In India, one-in-four people directly rely on forests for sustenance. However, more than 40% of forests in the country are facing degradation and depletion of resources such as quality of air, soil and water. The flow of forest products and services for equitable economic growth is very important.
In response to this, the Ministry of Environment, Forests and Climate Change (MoEFCC), Government of India and the U.S. Agency for International Development (USAID) have partnered for a five-year initiative – the Forest PLUS 2.0 Programme. The program focuses on developing the tools and techniques to encourage sustainable forest landscape management.

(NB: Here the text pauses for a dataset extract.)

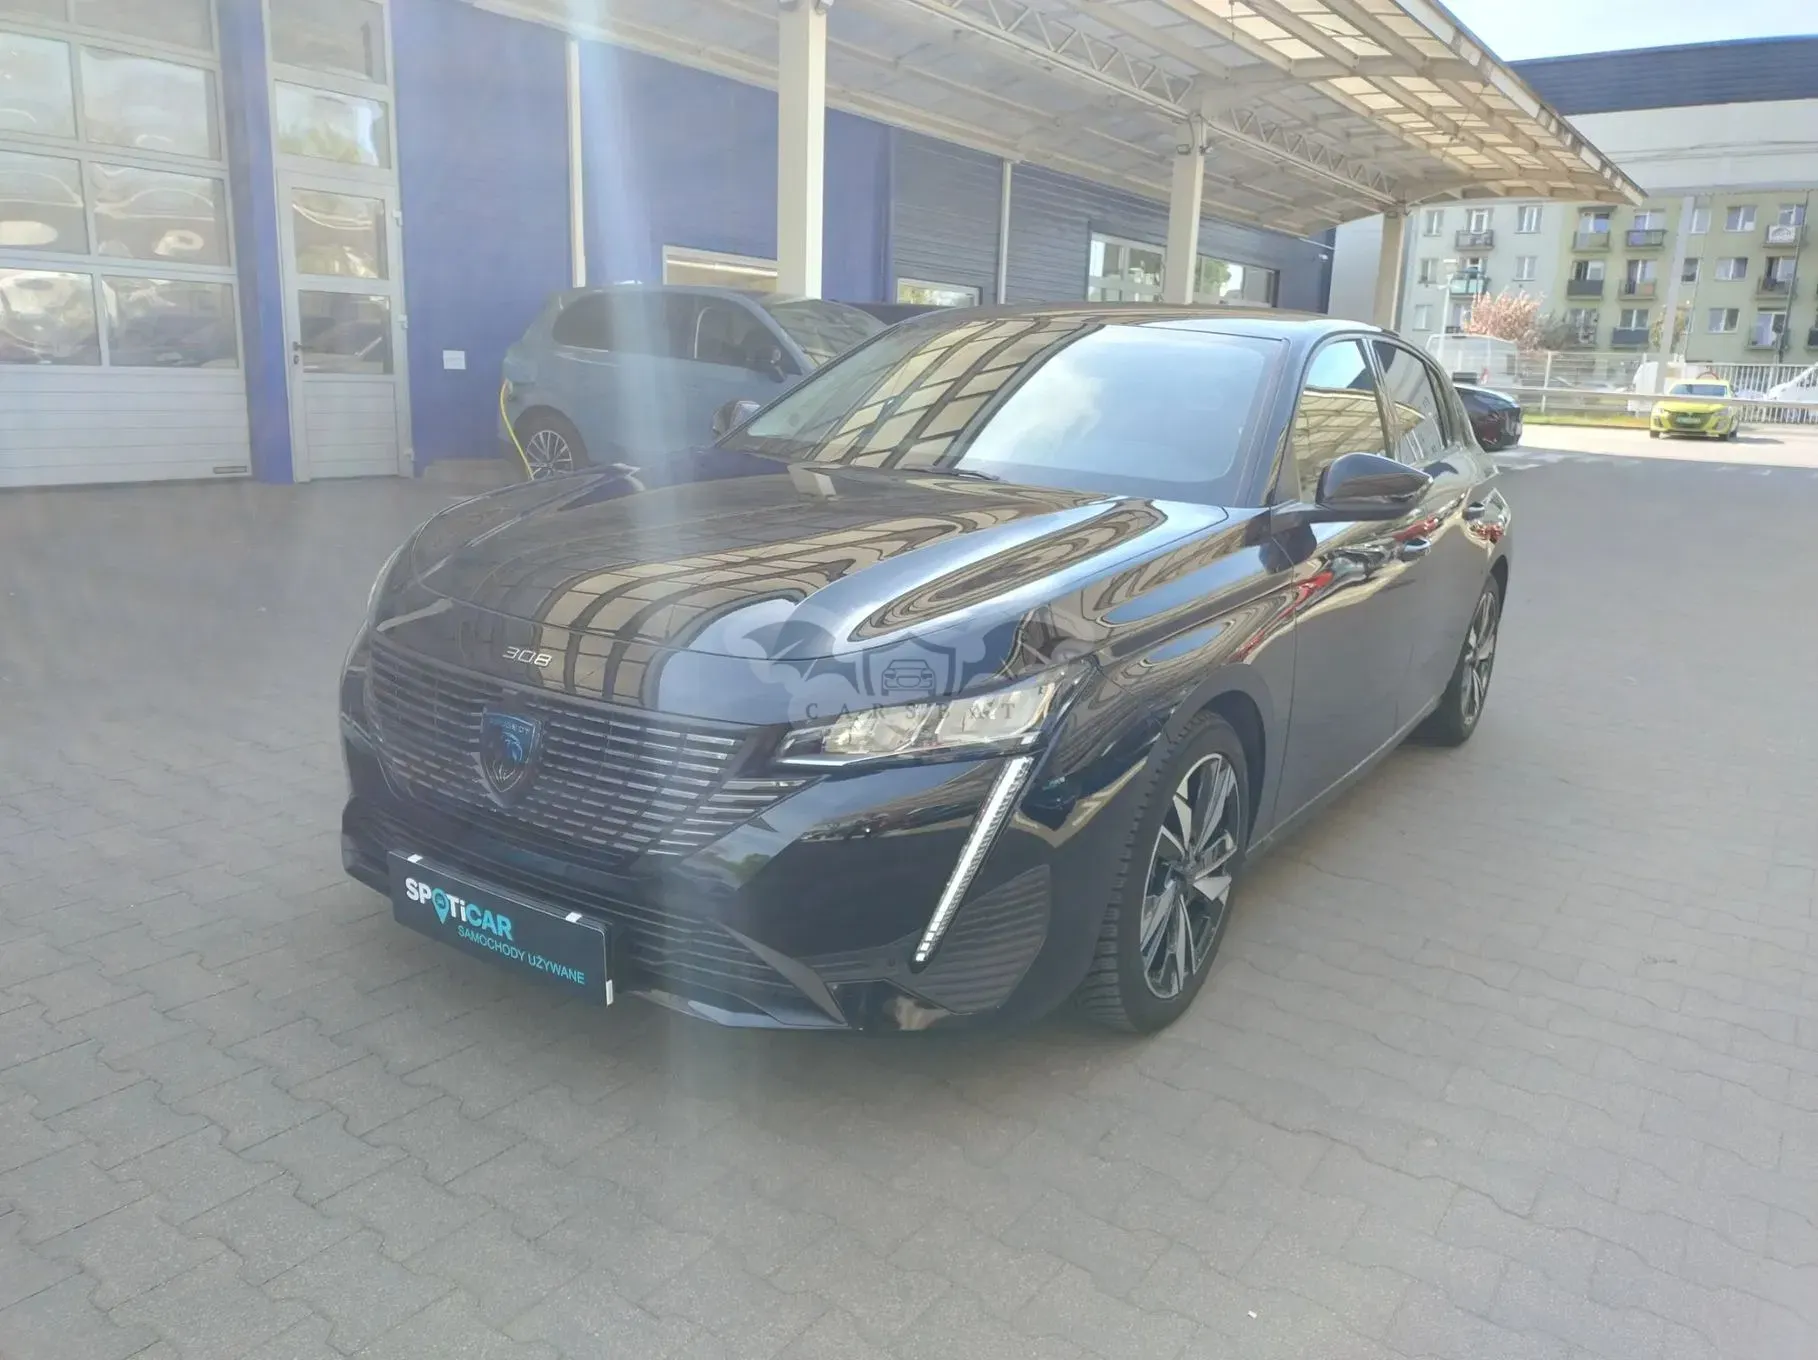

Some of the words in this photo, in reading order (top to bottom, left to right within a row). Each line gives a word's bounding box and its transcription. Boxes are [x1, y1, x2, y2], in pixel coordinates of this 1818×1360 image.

The vision of the program is to develop and implement a tool to track timber movement and activity, with the aim of preventing illegal timber logging and encouraging sustainable forestry practices.
Stakeholders involved
The Kerala Forest and Wildlife Department, Government of Kerala, State IT Dept, Government of Kerala, USAID, Timber Owners, Sawmills, and other Buyers in the supply chain.
Geo-Tagging Timber Supply
A geospatial tool called “TiGRAM” was developed by USAID to geotag the timber (assets). This allowed authorities to track timber movements while in transit and trace and monitor them through the logging process. The tool also provides online approval at different administrative levels and a Dashboard for viewing by stakeholders.
The timber (assets) was geotagged at the origin points and QR codes were generated for unique identification and easy tracking. The assets were then smoothly traced at various checkpoints to ensure compliance and lawful transit of timber from source to immediate destination.